Implicit in their non-prosecution is the sanguine acceptance of the damage they did to America and her credibility and standing in the world; of the fact that the direct consequences of their actions were the maiming and deaths of millions of people, most of whom were innocent of any wrongdoing; of their sneering disregard for the laws America was built upon; and for the international laws put in place since WWII to protect all the people of the world.
If we, as moral Americans, don’t insist upon a thorough investigation and fair, serious prosecution of the men and women who perpetrated these war crimes against us and the people of Afghanistan, Iraq and other countries in the world, we are, ourselves, willing accessories to the crimes. I understand that we have huge problems ahead of us which must be solved – many of which also can be traced directly to these same villains – but to ignore their crimes against humanity makes all Americans complicit. Those crimes will haunt us forever.
Doing the right thing will be extremely difficult. It will hurt and embarrass us. Doing the right thing – prosecuting our war criminals – may bring up ferocious new problems, and it may rock America to her foundations. But if we, as Americans, really care about freedom, human and civil rights, equality, our Constitution and our country, and the world at large, then we must do it.
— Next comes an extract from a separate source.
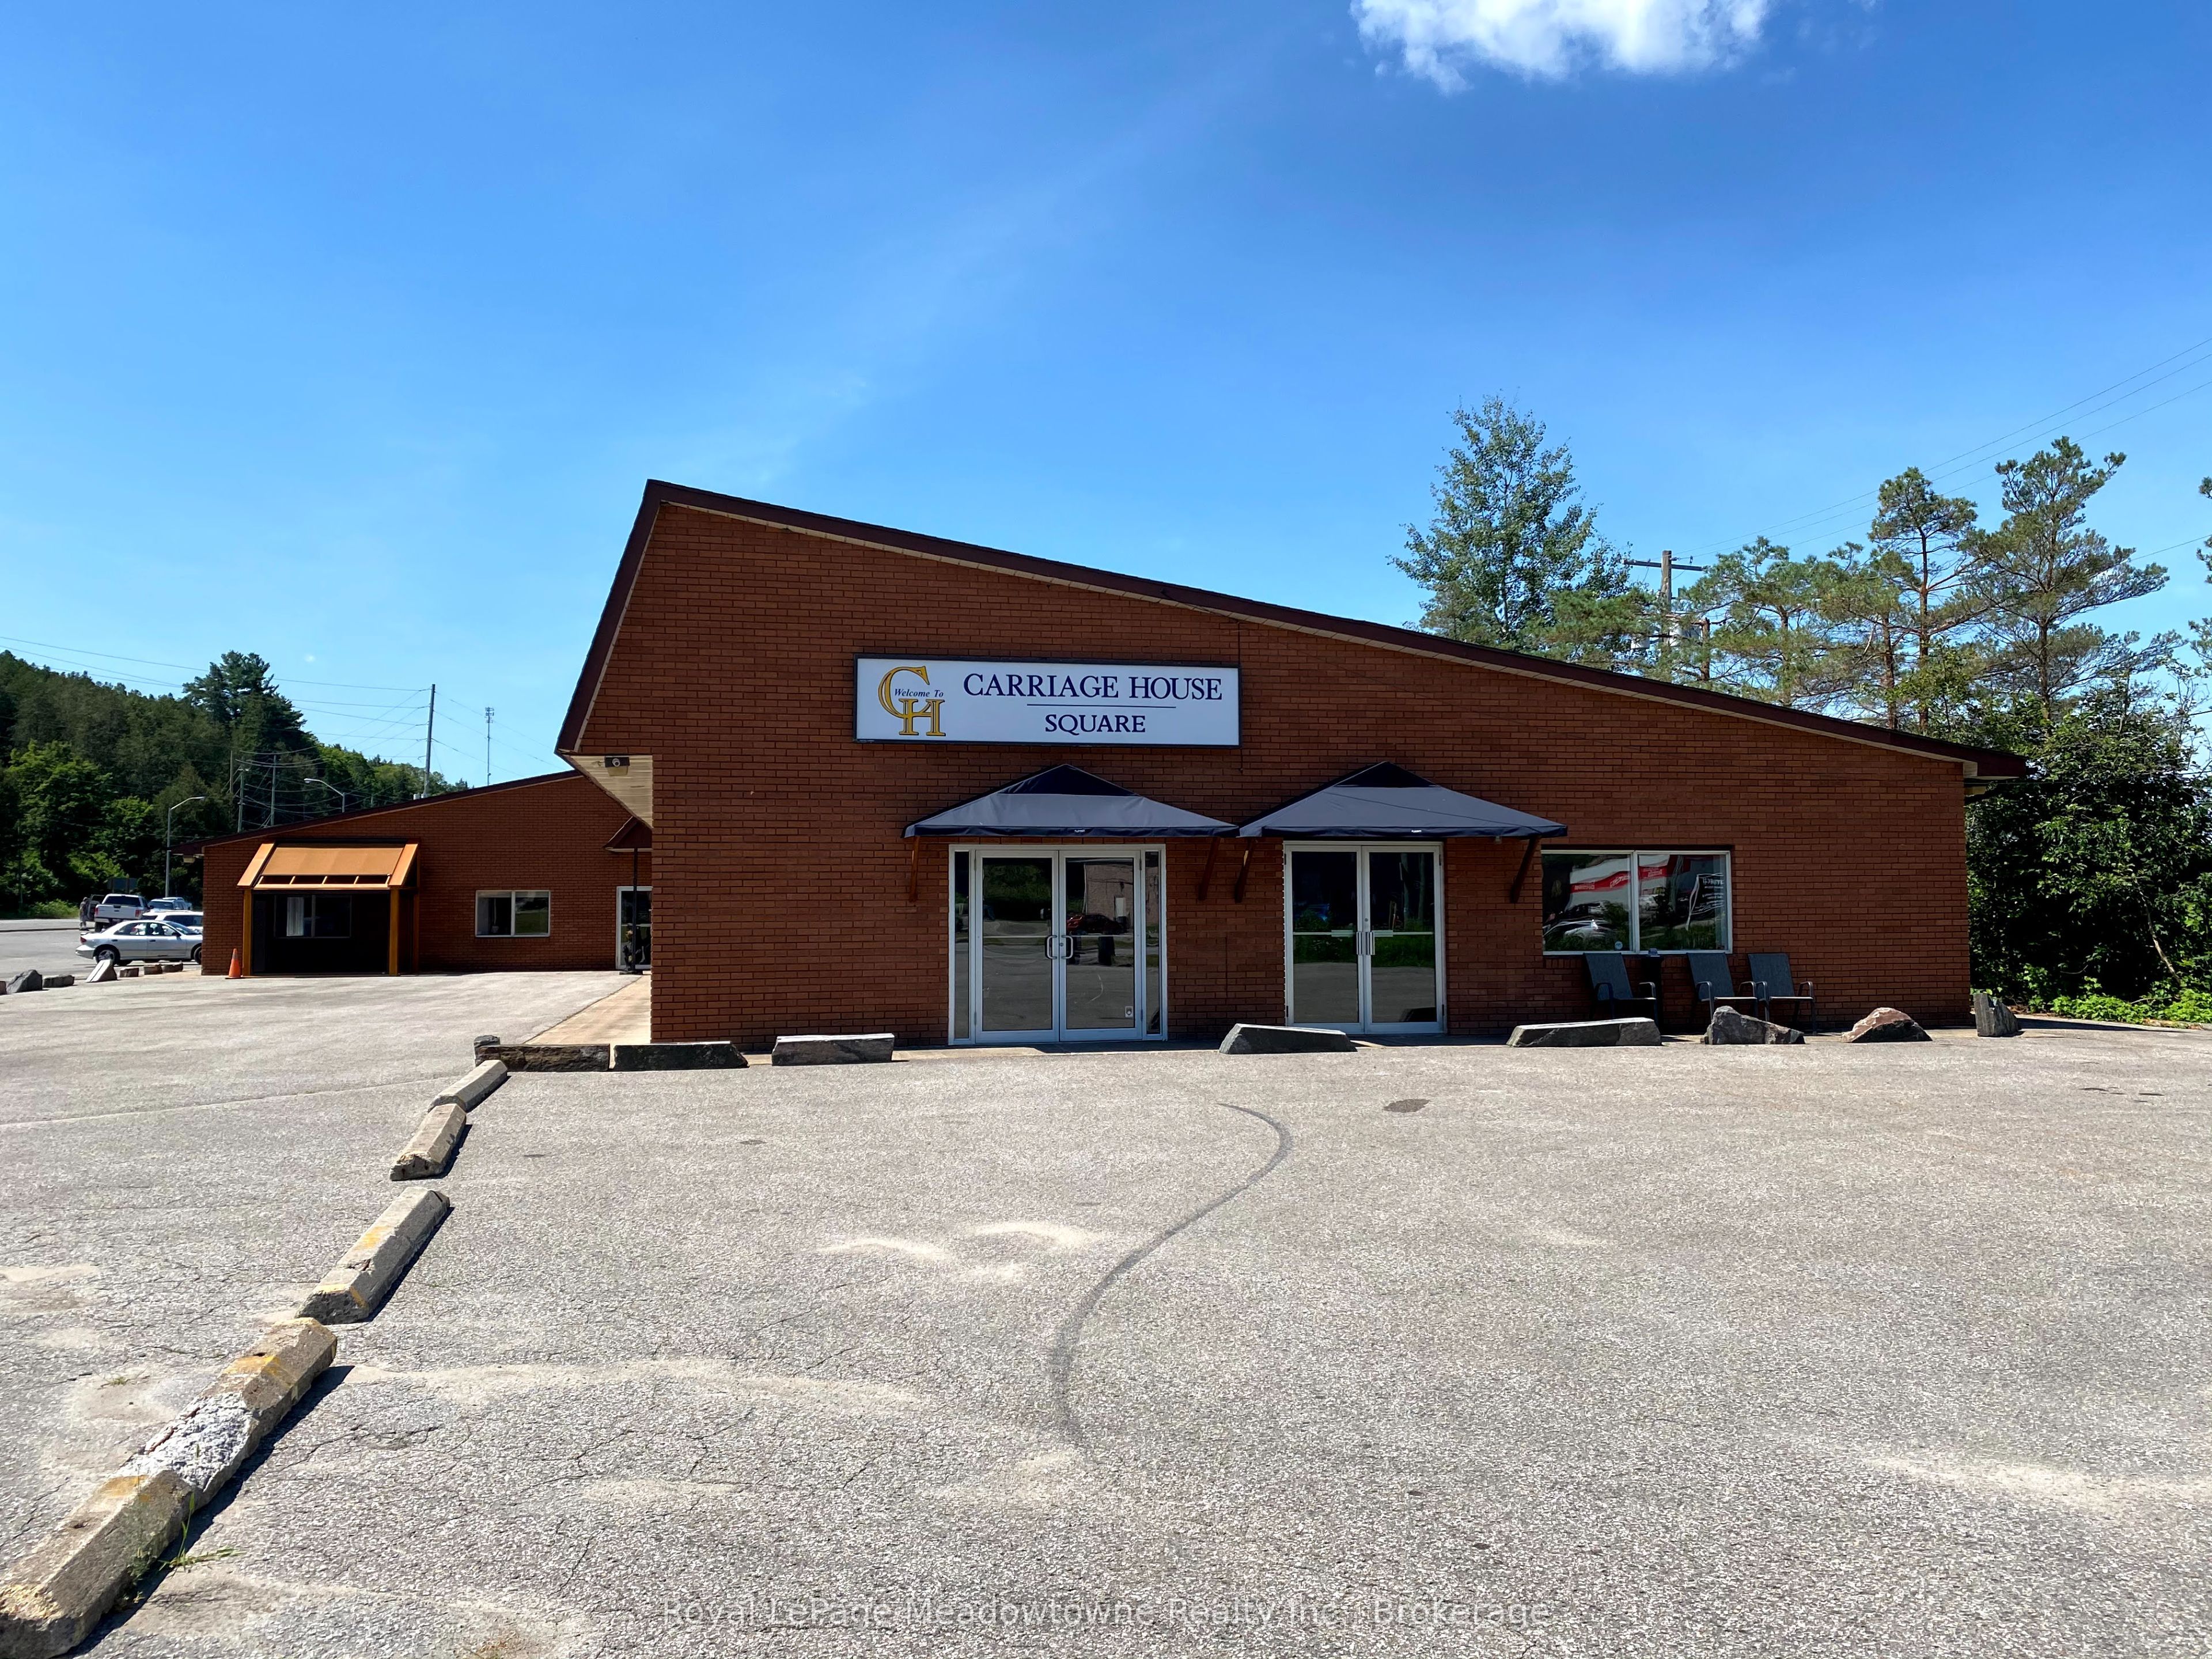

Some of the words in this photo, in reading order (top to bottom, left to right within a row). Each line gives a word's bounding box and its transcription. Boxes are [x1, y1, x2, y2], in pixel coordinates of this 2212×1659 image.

Turning away from it, trying to forget it, letting the war criminals slip away without facing justice is craven and cowardly. It will be a disaster of far greater proportions than anything we’ve faced as a nation to this point in our history. I believe that Barack Obama is an honest, intelligent, good man. He’s surrounding himself with others like him as he prepares to take on the monumental job of President of the United States. I hope he realizes that America stands, here and now, on the edge of a historical precipice. It’s will be up to him to decide whether we step back from it or close our eyes and fall in.
We're depending on him to do the right thing.